→ What is being asked
Nothing but the images should be left out when the entries are restated word for word.

→ Data entries
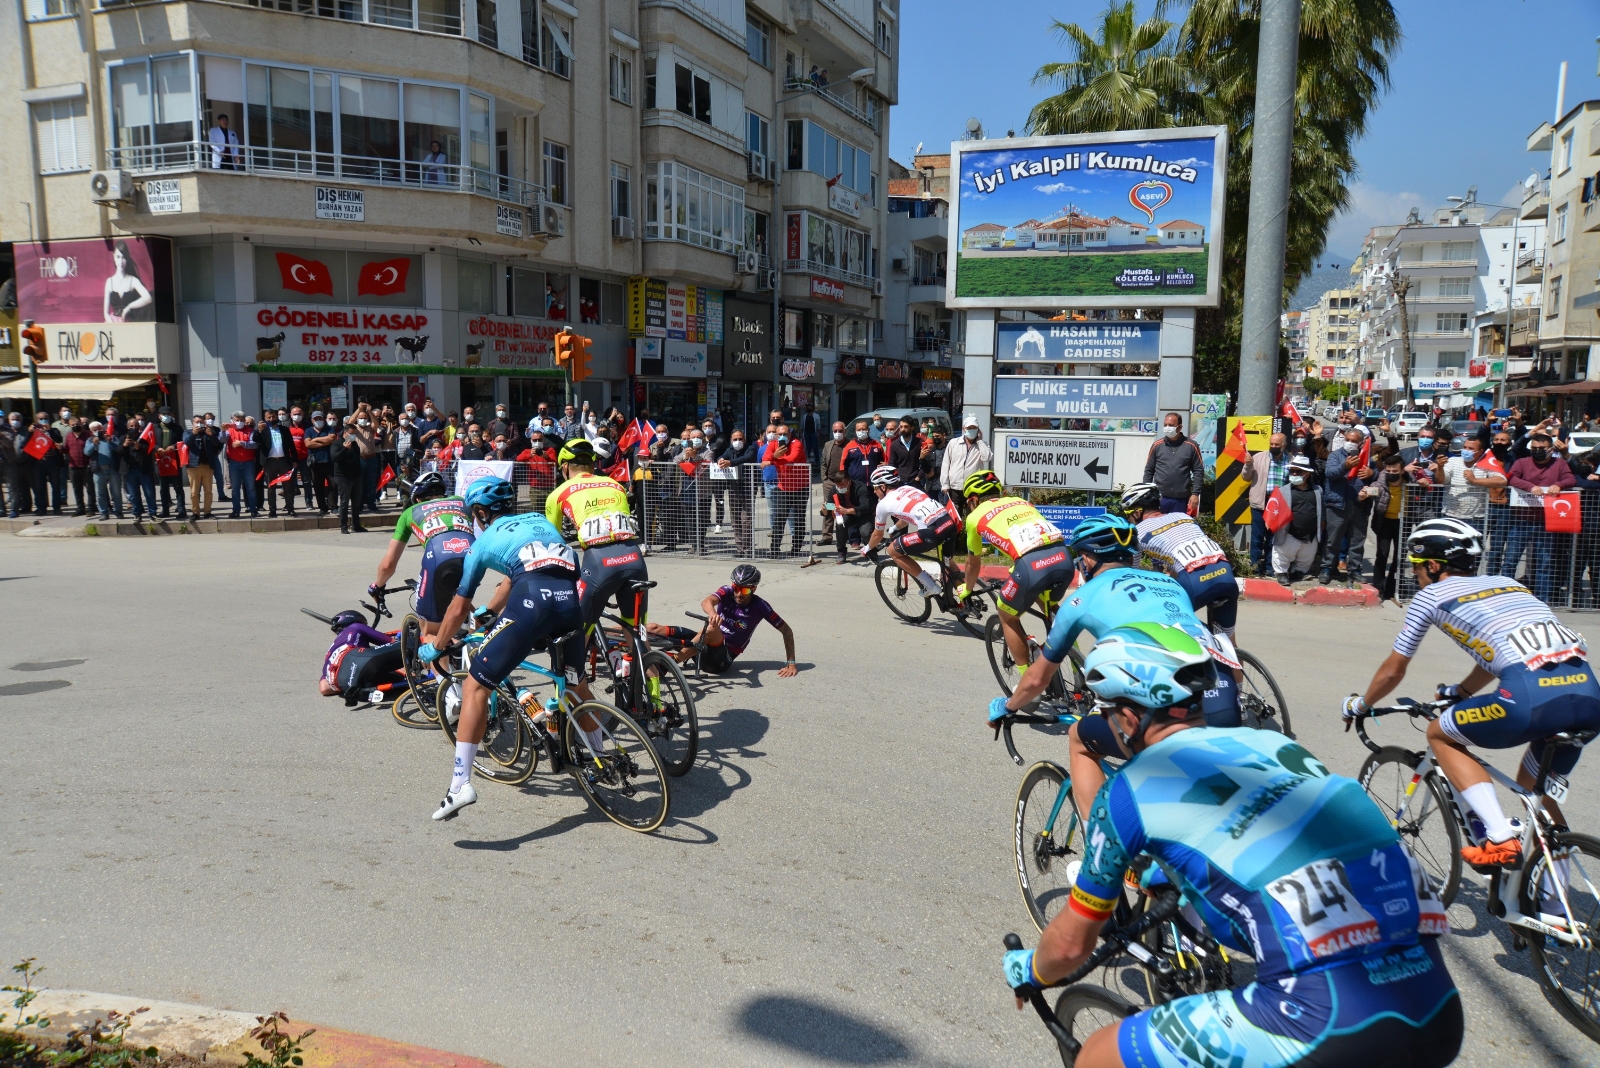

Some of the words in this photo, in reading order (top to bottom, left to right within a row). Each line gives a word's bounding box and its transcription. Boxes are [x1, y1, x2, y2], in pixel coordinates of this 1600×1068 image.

[973, 167, 1005, 194] İyi
[1010, 152, 1081, 181] Kalpli
[1088, 151, 1198, 183] Kumluca
[1140, 192, 1164, 201] AŞEVİ
[317, 203, 342, 211] BURHAN
[344, 204, 363, 213] YAZAR
[1115, 274, 1161, 282] KÖLEOĞLU
[1123, 268, 1153, 276] Mustafa
[257, 306, 358, 329] GÖDENELİ
[363, 313, 428, 331] KASAP
[468, 317, 529, 339] GÖDENELİ
[531, 325, 562, 341] KASA
[1050, 326, 1099, 338] HASAN
[1102, 327, 1142, 338] TUNA
[302, 333, 320, 346] ET
[322, 336, 339, 346] ve
[341, 333, 389, 347] TAVUK
[494, 339, 507, 351] ET
[519, 341, 547, 354] TAVUK
[1065, 338, 1126, 347] (BAŞPEHLİVAN)
[309, 350, 335, 362] 887
[340, 350, 358, 362] 23
[362, 351, 382, 363] 34
[670, 354, 680, 363] Türk
[680, 355, 697, 364] Telekom
[1063, 346, 1126, 358] CADDESİ
[499, 354, 514, 365] 887
[516, 355, 527, 365] 23
[528, 356, 538, 366] 34
[1021, 380, 1068, 396] FİNİKE
[1083, 384, 1138, 397] ELMALI
[1419, 381, 1452, 389] DenizBank
[1055, 398, 1109, 414] MUĞLA
[1020, 439, 1045, 448] ANTALYA
[1045, 438, 1077, 449] BÜYÜKŞEHİR
[1077, 439, 1109, 449] BELEDİYESİ
[1008, 451, 1054, 465] RADYOFAR
[1056, 453, 1081, 466] KOYU
[1020, 468, 1041, 484] AİLE
[1041, 471, 1067, 486] PLAJI
[584, 497, 616, 509] Adeps
[426, 516, 441, 529] 31
[1006, 510, 1034, 525] Adeps
[584, 518, 600, 537] 77
[525, 543, 536, 558] 7
[558, 543, 566, 556] 7
[1177, 540, 1204, 562] 101
[606, 554, 636, 565] BINGOAL
[1035, 554, 1063, 569] BINGOAL
[1199, 567, 1227, 582] DELKO
[1440, 622, 1496, 663] DELKO
[1506, 621, 1552, 657] 107
[1538, 673, 1588, 687] DELKO
[1203, 688, 1219, 698] ECH
[1454, 703, 1507, 725] DELKO
[1545, 779, 1565, 799] 107
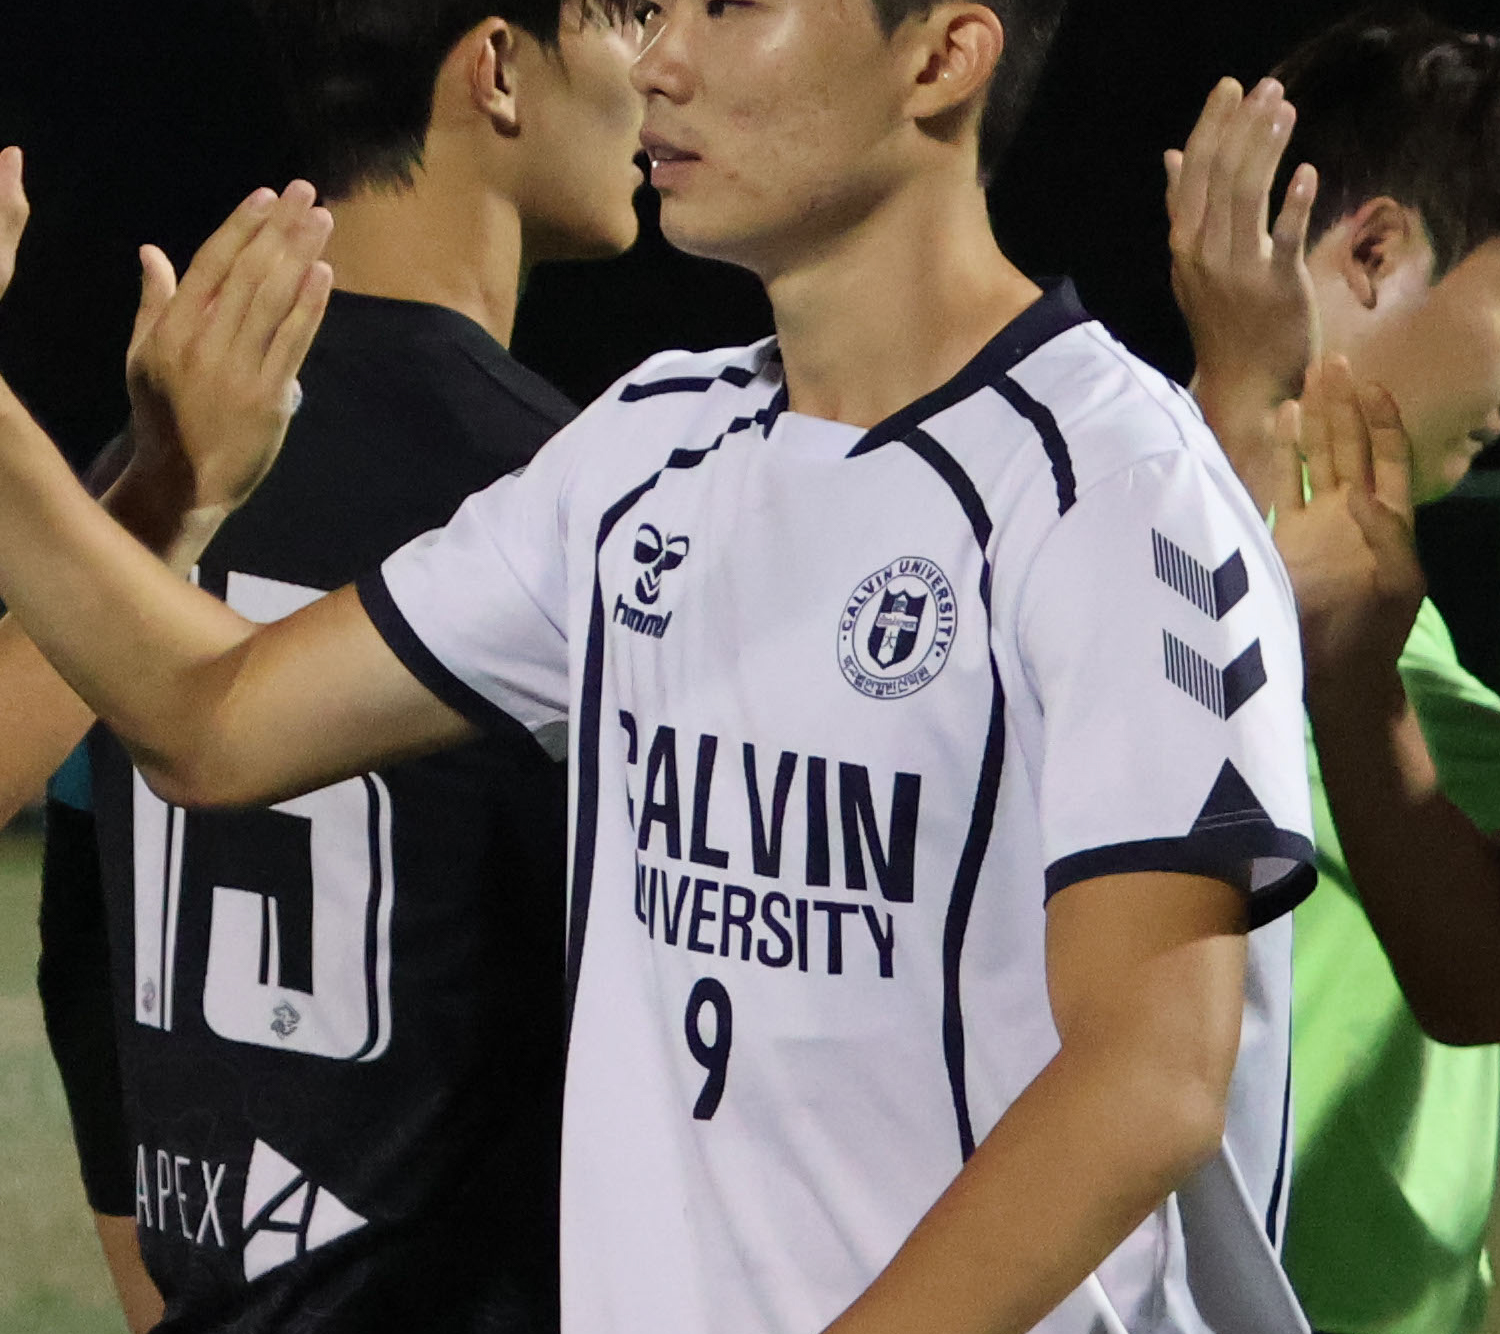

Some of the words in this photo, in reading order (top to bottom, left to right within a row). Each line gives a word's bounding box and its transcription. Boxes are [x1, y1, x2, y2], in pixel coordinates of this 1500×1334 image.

[842, 568, 893, 632] CALVIN
[899, 560, 954, 654] UNIVERSITY
[683, 977, 734, 1121] 9
[135, 1142, 227, 1249] APEX

→ Task solution
Some of the words in this photo, in reading order (top to bottom, left to right within a row). Each line gives a word's bounding box and its transcription. Boxes are [x1, y1, x2, y2], in pixel coordinates of this 1600×1068 image.

[973, 167, 1005, 194] İyi
[1010, 152, 1081, 181] Kalpli
[1088, 151, 1198, 183] Kumluca
[1140, 192, 1164, 201] AŞEVİ
[317, 203, 342, 211] BURHAN
[344, 204, 363, 213] YAZAR
[1115, 274, 1161, 282] KÖLEOĞLU
[1123, 268, 1153, 276] Mustafa
[257, 306, 358, 329] GÖDENELİ
[363, 313, 428, 331] KASAP
[468, 317, 529, 339] GÖDENELİ
[531, 325, 562, 341] KASA
[1050, 326, 1099, 338] HASAN
[1102, 327, 1142, 338] TUNA
[302, 333, 320, 346] ET
[322, 336, 339, 346] ve
[341, 333, 389, 347] TAVUK
[494, 339, 507, 351] ET
[519, 341, 547, 354] TAVUK
[1065, 338, 1126, 347] (BAŞPEHLİVAN)
[309, 350, 335, 362] 887
[340, 350, 358, 362] 23
[362, 351, 382, 363] 34
[670, 354, 680, 363] Türk
[680, 355, 697, 364] Telekom
[1063, 346, 1126, 358] CADDESİ
[499, 354, 514, 365] 887
[516, 355, 527, 365] 23
[528, 356, 538, 366] 34
[1021, 380, 1068, 396] FİNİKE
[1083, 384, 1138, 397] ELMALI
[1419, 381, 1452, 389] DenizBank
[1055, 398, 1109, 414] MUĞLA
[1020, 439, 1045, 448] ANTALYA
[1045, 438, 1077, 449] BÜYÜKŞEHİR
[1077, 439, 1109, 449] BELEDİYESİ
[1008, 451, 1054, 465] RADYOFAR
[1056, 453, 1081, 466] KOYU
[1020, 468, 1041, 484] AİLE
[1041, 471, 1067, 486] PLAJI
[584, 497, 616, 509] Adeps
[426, 516, 441, 529] 31
[1006, 510, 1034, 525] Adeps
[584, 518, 600, 537] 77
[525, 543, 536, 558] 7
[558, 543, 566, 556] 7
[1177, 540, 1204, 562] 101
[606, 554, 636, 565] BINGOAL
[1035, 554, 1063, 569] BINGOAL
[1199, 567, 1227, 582] DELKO
[1440, 622, 1496, 663] DELKO
[1506, 621, 1552, 657] 107
[1538, 673, 1588, 687] DELKO
[1203, 688, 1219, 698] ECH
[1454, 703, 1507, 725] DELKO
[1545, 779, 1565, 799] 107

Some of the words in this photo, in reading order (top to bottom, left to right within a row). Each line gives a word's bounding box and its transcription. Boxes are [x1, y1, x2, y2], in pixel coordinates of this 1500×1334 image.

[842, 568, 893, 632] CALVIN
[899, 560, 954, 654] UNIVERSITY
[683, 977, 734, 1121] 9
[135, 1142, 227, 1249] APEX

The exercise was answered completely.